[Source data]
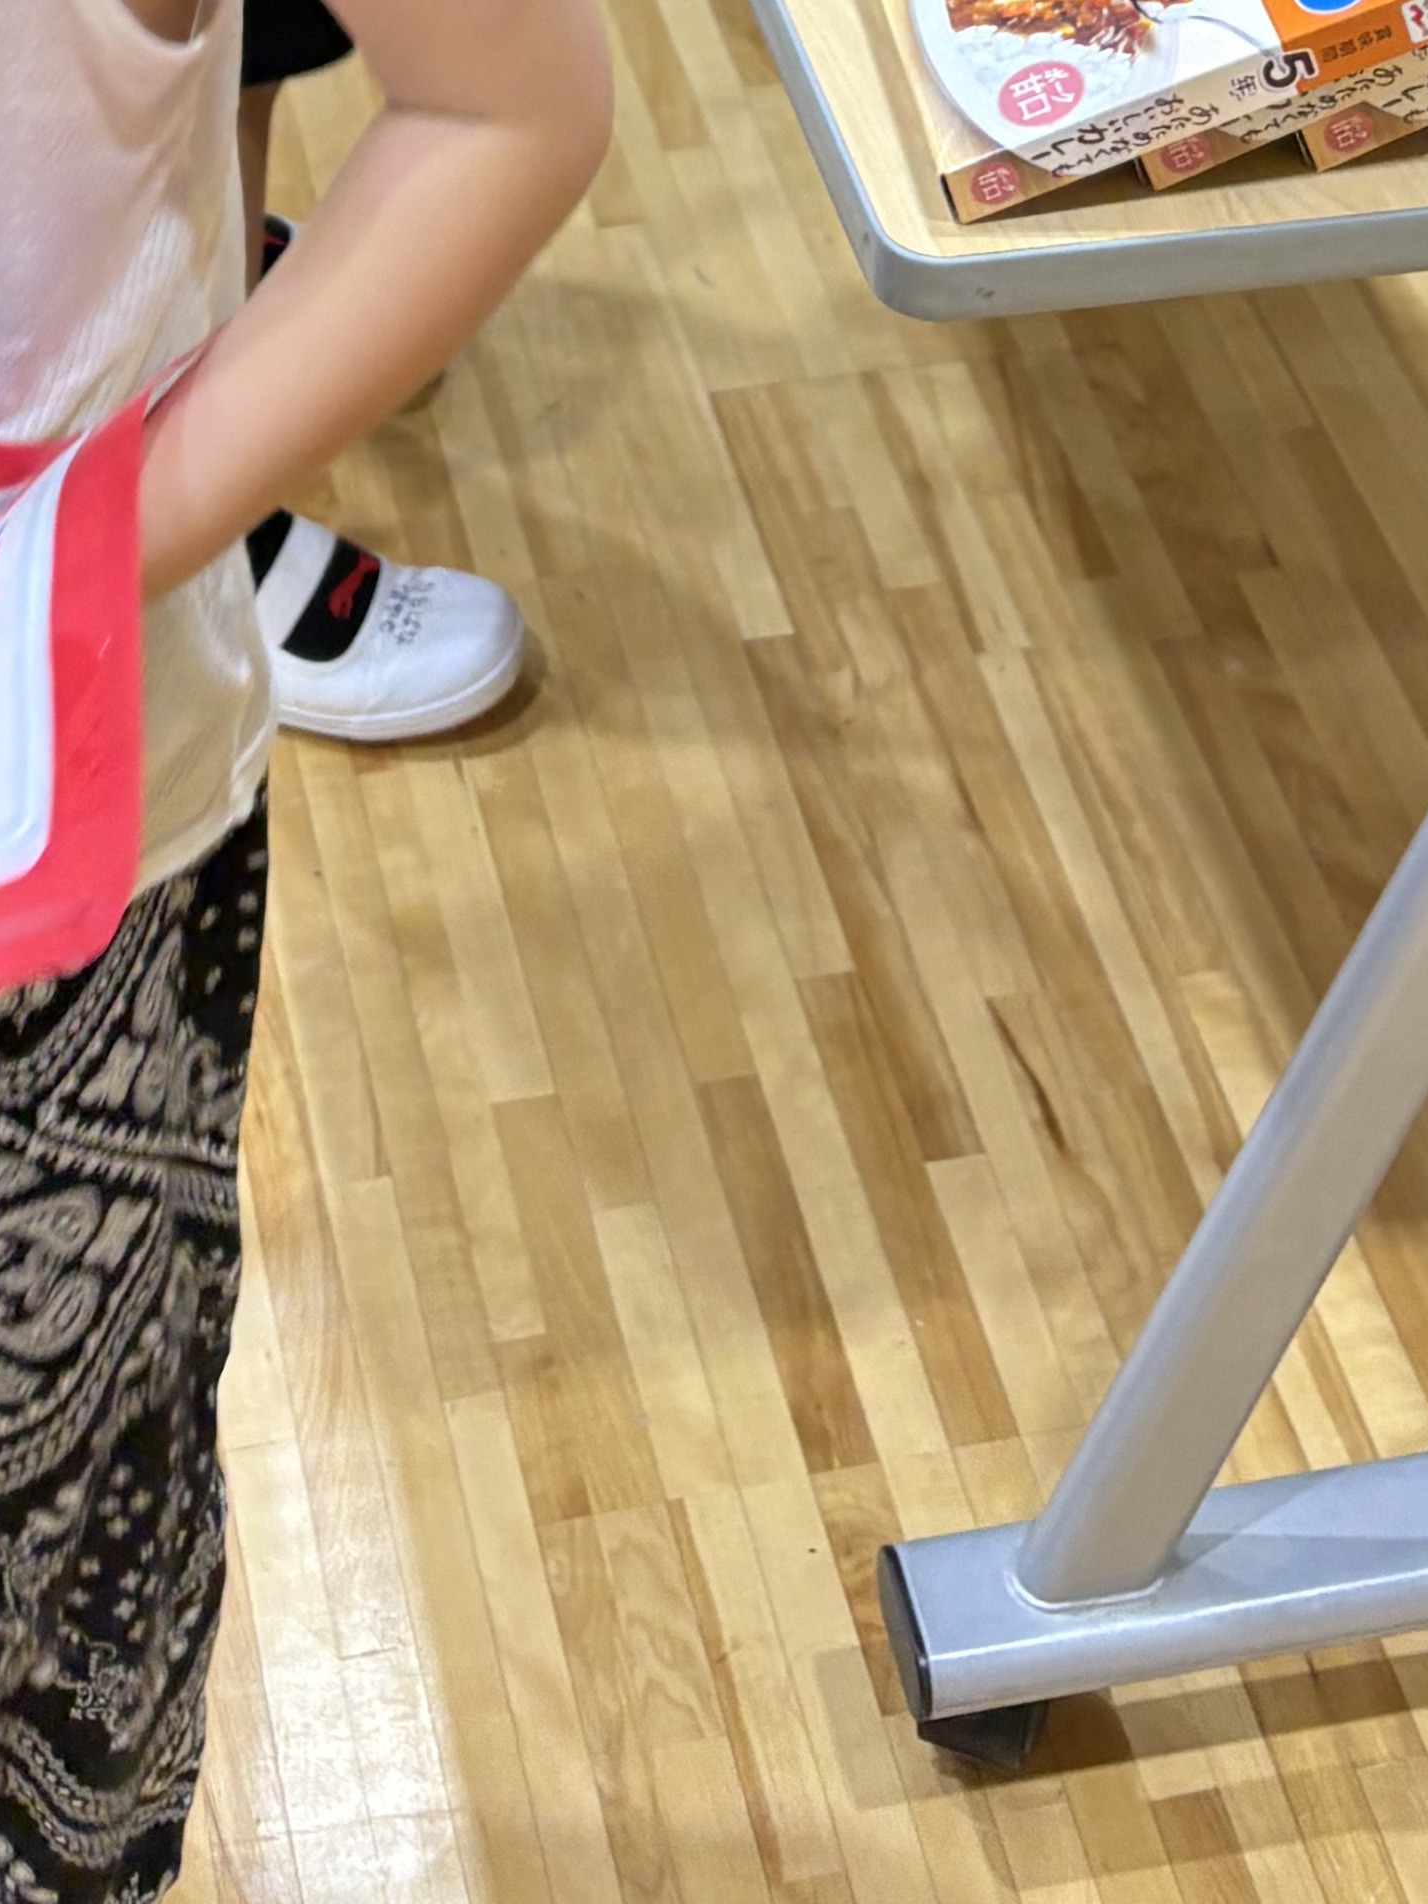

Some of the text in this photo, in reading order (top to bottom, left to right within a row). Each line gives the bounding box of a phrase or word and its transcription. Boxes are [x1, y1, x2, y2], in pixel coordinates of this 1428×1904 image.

[1011, 71, 1052, 122] 甘口
[1042, 67, 1076, 108] ポーク
[1031, 93, 1184, 162] おいしいカレー
[1050, 103, 1220, 178] あたためなくても

What needs to be done
Exact copy, no pictures: reproduce every entry shown above.

Task output
Some of the text in this photo, in reading order (top to bottom, left to right within a row). Each line gives the bounding box of a phrase or word and its transcription. Boxes are [x1, y1, x2, y2], in pixel coordinates of this 1428×1904 image.

[1011, 71, 1052, 122] 甘口
[1042, 67, 1076, 108] ポーク
[1031, 93, 1184, 162] おいしいカレー
[1050, 103, 1220, 178] あたためなくても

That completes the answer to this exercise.